The discovery of Oetzi has also spawned a host of exotic theories regarding the circumstances behind his violent death. One space technology professor has suggested that evidence of an asteroid landing in the area in that period might be linked to the Iceman's demise. He wondered whether Oetzi had been a powerful figure and was used as a ritual sacrifice in order to appease the gods who'd sent the terrifying extra-terrestrial object.

Another theory contested by residents of this formerly Austrian region, who see the Iceman as their forefather, claims he was cast out from his community because a low sperm count rendered him childless.

"I'm not sure whether we'll be able to say whether that's true or not with the DNA sequencing," said Dr Zink. "But there are lots of questions that we might be able to answer."

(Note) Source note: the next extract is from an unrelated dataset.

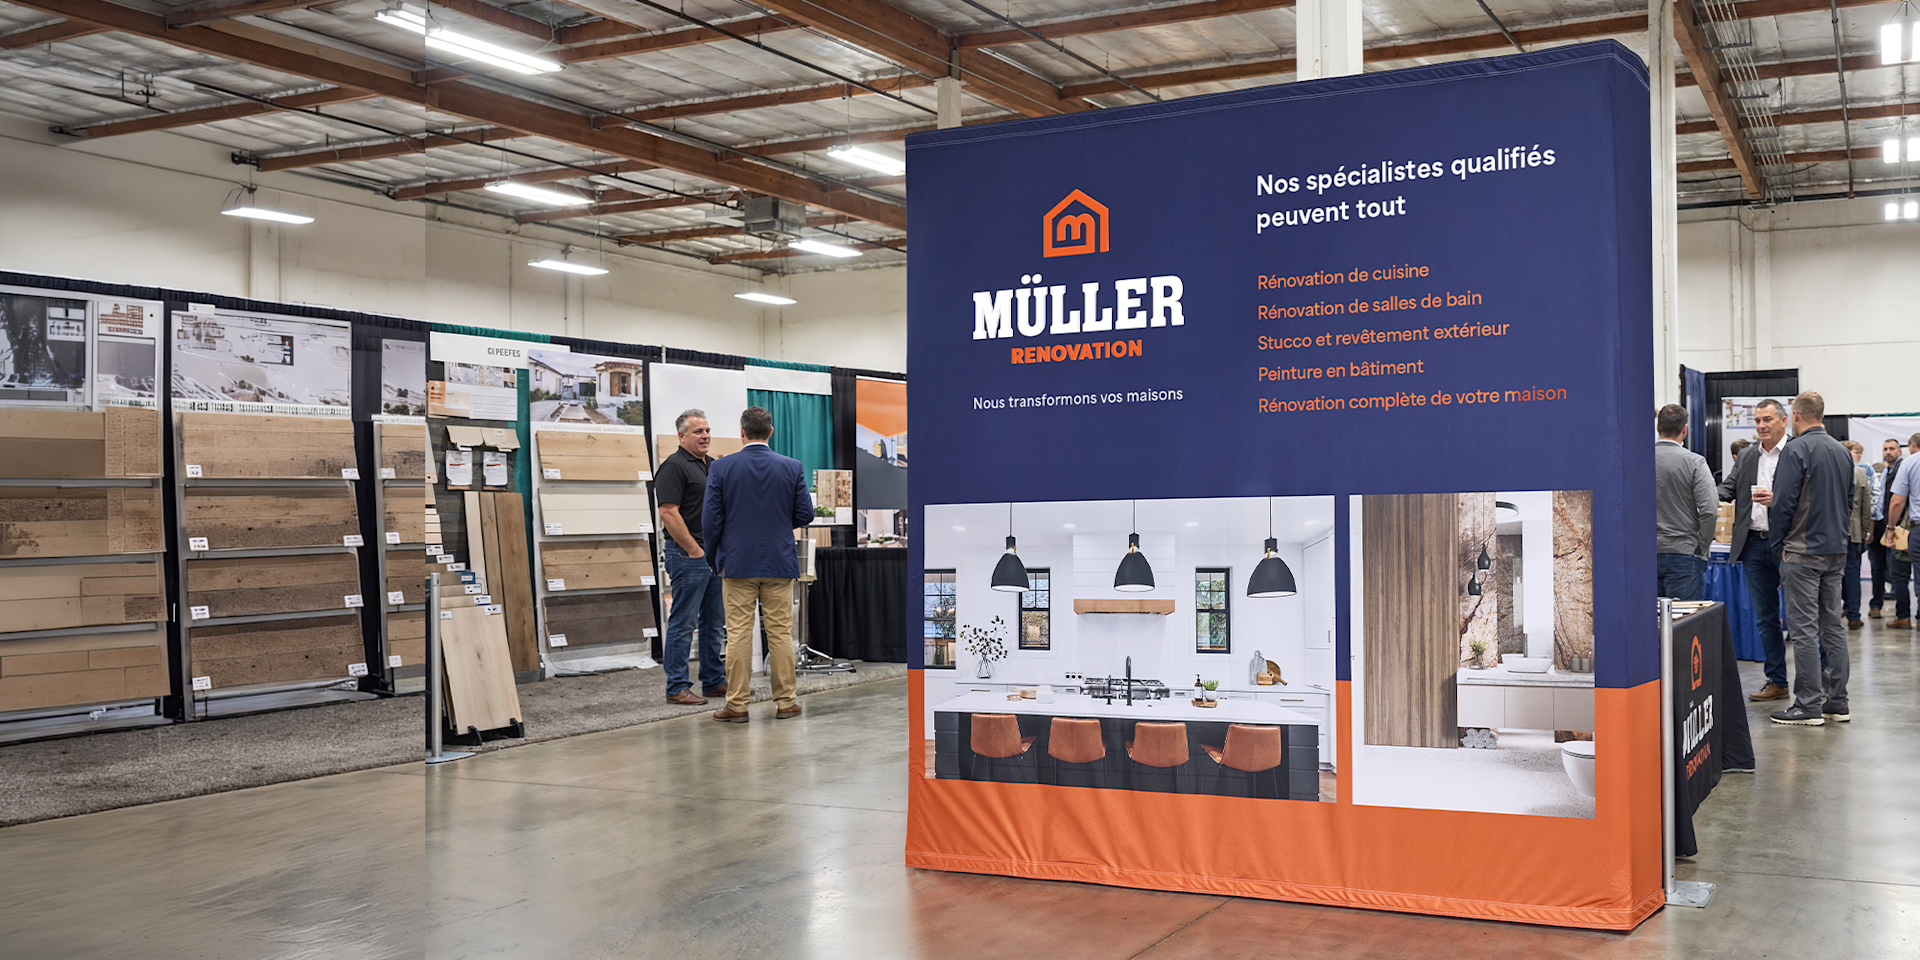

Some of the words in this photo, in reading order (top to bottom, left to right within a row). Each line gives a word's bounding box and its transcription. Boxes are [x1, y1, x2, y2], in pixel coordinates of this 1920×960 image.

But staring at poor Oetzi's gnarled, brown corpse, you can't help wondering if the most obvious question is ethical rather than scientific: how recently does someone have to have died before they're entitled to a proper burial - instead of being left in a glass cage like a gooey prop from a horror film, for people to gawp at?

"There has been some discussion on this," says Dr Zink, "and it's a fair point. But this man is 5,300 years old. We do treat him with respect; we look after the body very, very carefully, and he provides us with lot of valuable information. And besides, even if we were to bury him we wouldn't be able to do it according to his customs because we don't know what they were."

So the Iceman will remain the star museum exhibit for the thousands of people who come each year to the Alpine town and stare at his sticky, brown corpse.

But even if they can't bury him, today's distant relatives of the Iceman, might conceivably see the medical benefits -- if, as they say, his captors manage to unlock the secret of his genes.